Grain Boundary Engineering: A Shortcut to Efficient Electrocatalytic Reactions

Abstract

Grain boundary engineering has witnessed significant advancements in recent years, which optimizes material properties by precisely controlling the density and characteristics of grain boundaries. Various advanced fabrication methods have emerged, such as pulsed laser ablation, electrodeposition, vapor phase growth, and interfacial synthesis. These techniques enable the production of grain boundary-enriched materials through the precise control of manufacturing parameters. Additionally, grain boundary engineering demonstrates substantial potential in diverse catalytic applications. This review thoroughly examines recent advancements in grain boundary engineering. First, it investigates key fabrication methods such as pulsed laser ablation, electrodeposition, vapor phase growth, and interfacial synthesis, explaining how they create grain boundary-enriched materials.
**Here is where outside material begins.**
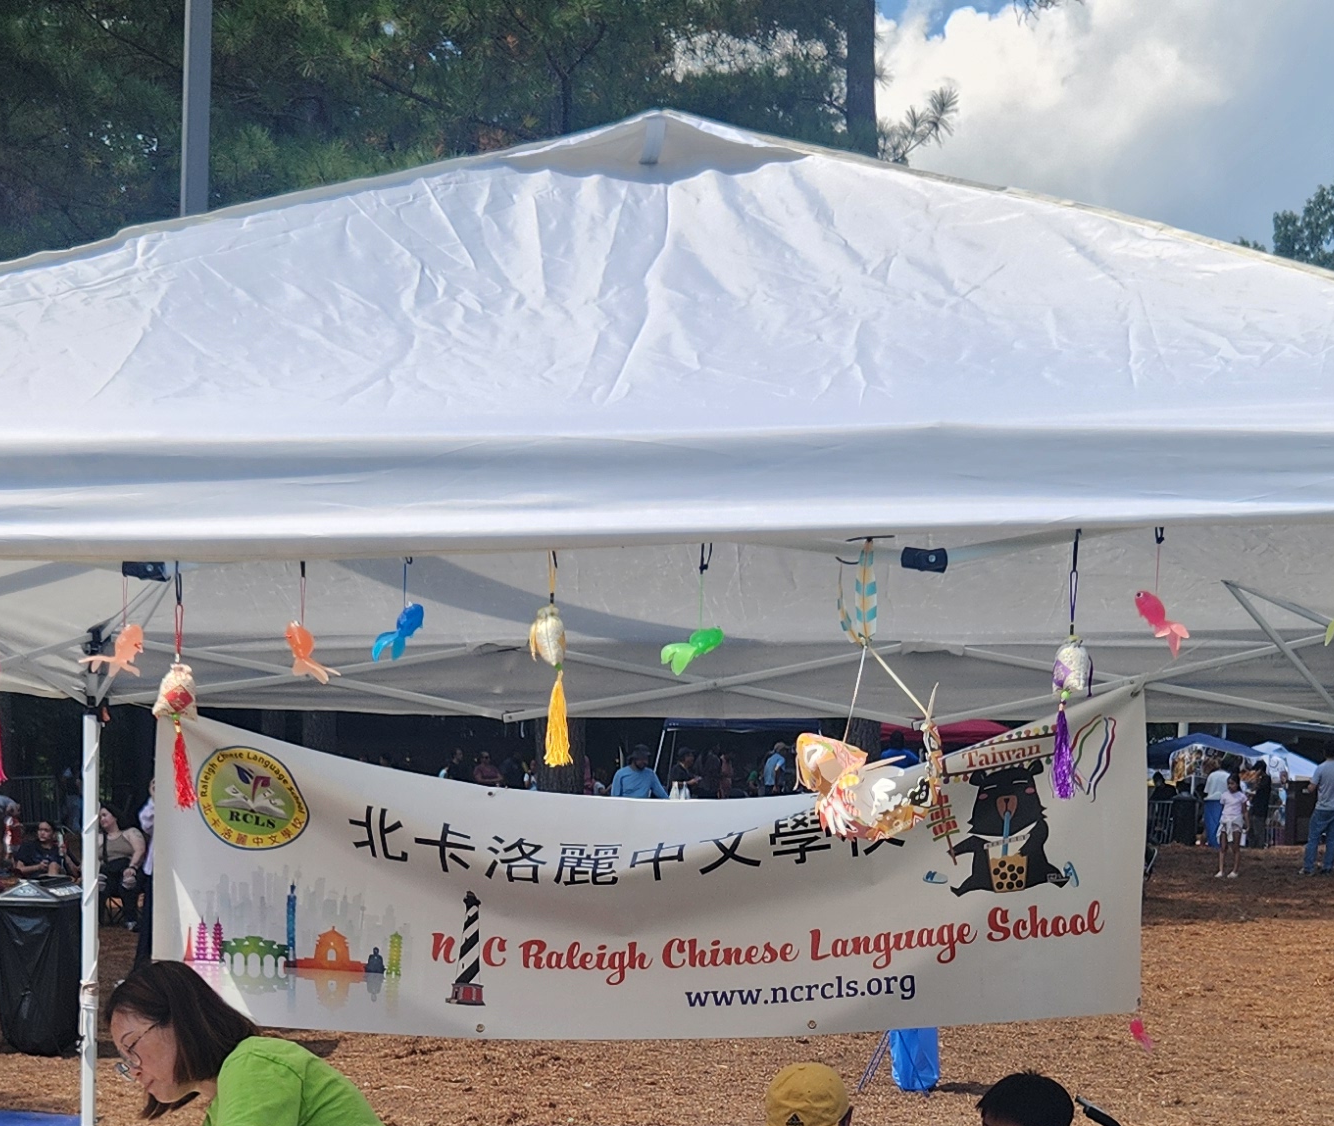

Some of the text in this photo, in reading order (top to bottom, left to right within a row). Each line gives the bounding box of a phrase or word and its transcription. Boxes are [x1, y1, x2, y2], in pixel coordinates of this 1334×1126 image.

Second, it explores its applications in various electrocatalytic reactions. Last but not least, it delves into the integration of grain boundary engineering with artificial intelligence for structure prediction and property optimization. Looking ahead, as synthesis technologies continue to improve and characterization methods advance, grain boundary engineering is expected to achieve more breakthroughs in energy conversion, storage, and environmental protection. It is particularly promising in the development of efficient and low-cost catalysts.